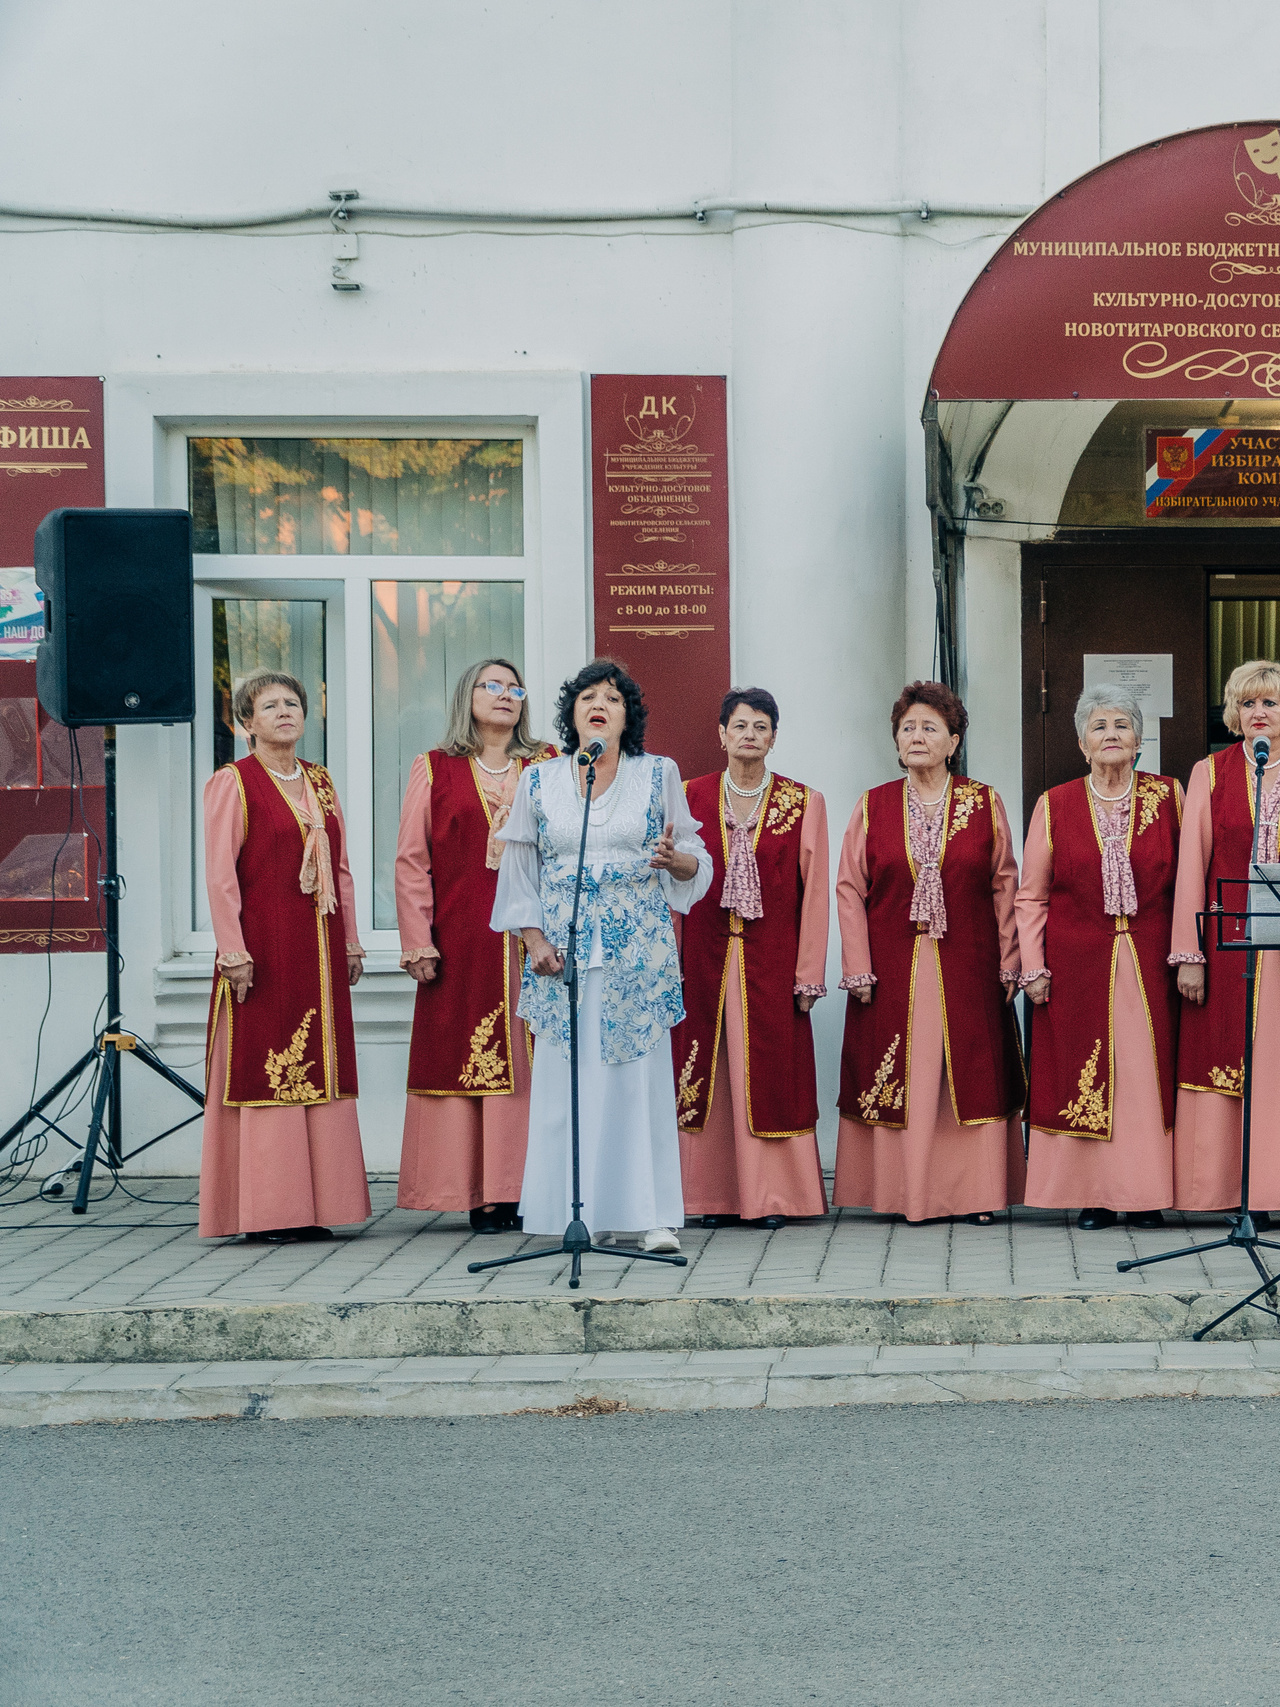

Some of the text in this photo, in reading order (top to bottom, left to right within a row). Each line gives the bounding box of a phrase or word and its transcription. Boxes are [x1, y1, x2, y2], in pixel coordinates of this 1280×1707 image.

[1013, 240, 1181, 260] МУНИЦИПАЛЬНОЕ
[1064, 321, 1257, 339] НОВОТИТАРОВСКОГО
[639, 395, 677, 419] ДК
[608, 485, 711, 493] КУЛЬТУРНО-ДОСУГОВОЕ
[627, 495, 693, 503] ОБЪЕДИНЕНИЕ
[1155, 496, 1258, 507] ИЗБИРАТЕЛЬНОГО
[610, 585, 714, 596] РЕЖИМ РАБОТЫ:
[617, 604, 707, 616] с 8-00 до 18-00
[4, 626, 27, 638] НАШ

EXERCISE GOAL: The listing above is to be set down word for word, without its images.

WRITTEN SOLUTION:
Some of the text in this photo, in reading order (top to bottom, left to right within a row). Each line gives the bounding box of a phrase or word and its transcription. Boxes are [x1, y1, x2, y2], in pixel coordinates of this 1280×1707 image.

[1013, 240, 1181, 260] МУНИЦИПАЛЬНОЕ
[1064, 321, 1257, 339] НОВОТИТАРОВСКОГО
[639, 395, 677, 419] ДК
[608, 485, 711, 493] КУЛЬТУРНО-ДОСУГОВОЕ
[627, 495, 693, 503] ОБЪЕДИНЕНИЕ
[1155, 496, 1258, 507] ИЗБИРАТЕЛЬНОГО
[610, 585, 714, 596] РЕЖИМ РАБОТЫ:
[617, 604, 707, 616] с 8-00 до 18-00
[4, 626, 27, 638] НАШ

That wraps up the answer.